The path analyses indicate that most factors are subject to influence: Religiosity, Politics, Environmentalism, Health, Screen and Social all show relationships between students’ scores and the scores of their parents, grandparents and friends. Only Music and Reading show little evidence for social influence. The sequence of factors ordered by the strength of the coefficients is similar across all relationships, suggesting that Religiosity, Politics, Environmentalism and Health are more subject to social influence, both vertical and horizontal, than Music, Reading, Screen and Social.
Models 1 and 2 both show evidence for vertical and horizontal influence. For most factors, the influence of parents is similar to the influence of friends. However, parents’ influence is notably stronger for Religiosity, and friends’ influence is notably stronger for Screen and Social. These patterns make sense given that parents frequently induct their children into their religions [12,54–56], and engagement with screen media and social behaviours often involve friends more than parents [57].

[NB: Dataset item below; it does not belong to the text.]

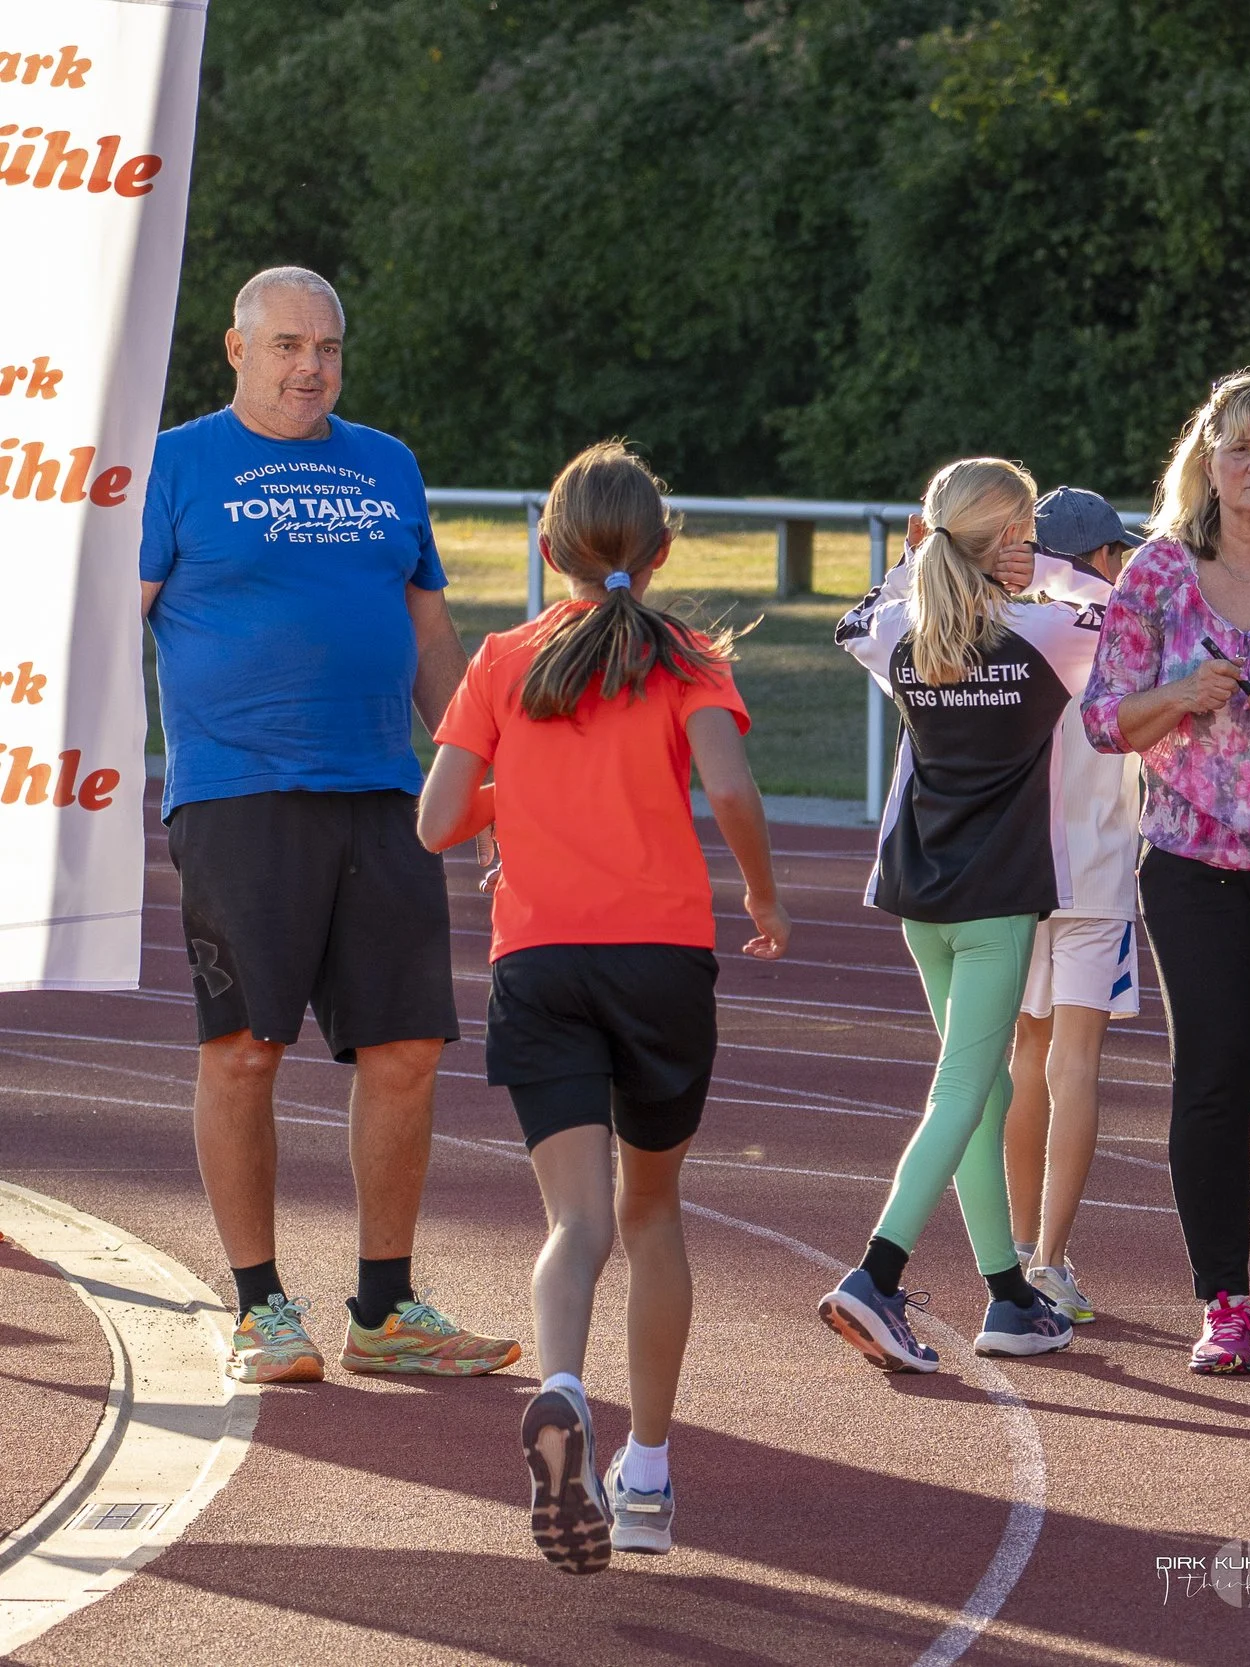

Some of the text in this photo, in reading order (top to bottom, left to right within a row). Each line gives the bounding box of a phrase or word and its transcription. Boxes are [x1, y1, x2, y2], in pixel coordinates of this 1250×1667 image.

Path analysis also finds evidence of vertical influence from grandparents, both on parents and on students. Adding the grandparents to our model improved the explanatory power for all factors. The fact that grandparents predicted parents’ scores on all factors but Reading (typically with similar strength to the parent-student relationship) indicates that vertical influence is ongoing and/or long-lasting. There are direct relationships between grandparents’ and students’ scores for Environmentalism and Health, but the larger influence of grandparents is indirect, via parents, with indirect relationships for Religiosity, Environmentalism, Health, Politics and Screen. This indicates that grandparents have a non-trivial influence on the student’s attitudes and behaviours, mediated by the parents; the smaller influence compared to parents may be explained by lower levels of contact across two generations than across one generation in nuclear families [45,58].
Resemblance
While path analysis focuses on similarity between vertically and horizontally connected agents, a more thorough analysis of similarity and, potentially, transmission among all agent pairs provides further insights into the behaviour of cultural traits in the social network. To quantify the degree of similarity between all relation pairs, Resemblance (the z-score of each pairwise correlation calculated using a Monte Carlo approach) was obtained for each factor, for every pair of relationships (Fig 4). Results reveal diversity across factors and social agents. The strongest ties are found for Religiosity, Environmentalism and Politics. There are many vertical links in Religiosity, Environmentalism, Politics and Health, but not in the other four factors. As for horizontal links, we find significant Resemblance between mother and father, and between student and at least one friend for most factors. Grey lines connecting agents who have no obvious social link, such as those joining a friend with the student’s parents or grandparents, are common only for Religiosity, Environmentalism and Health. (For Resemblance values by question, see Figure A in S8 Text)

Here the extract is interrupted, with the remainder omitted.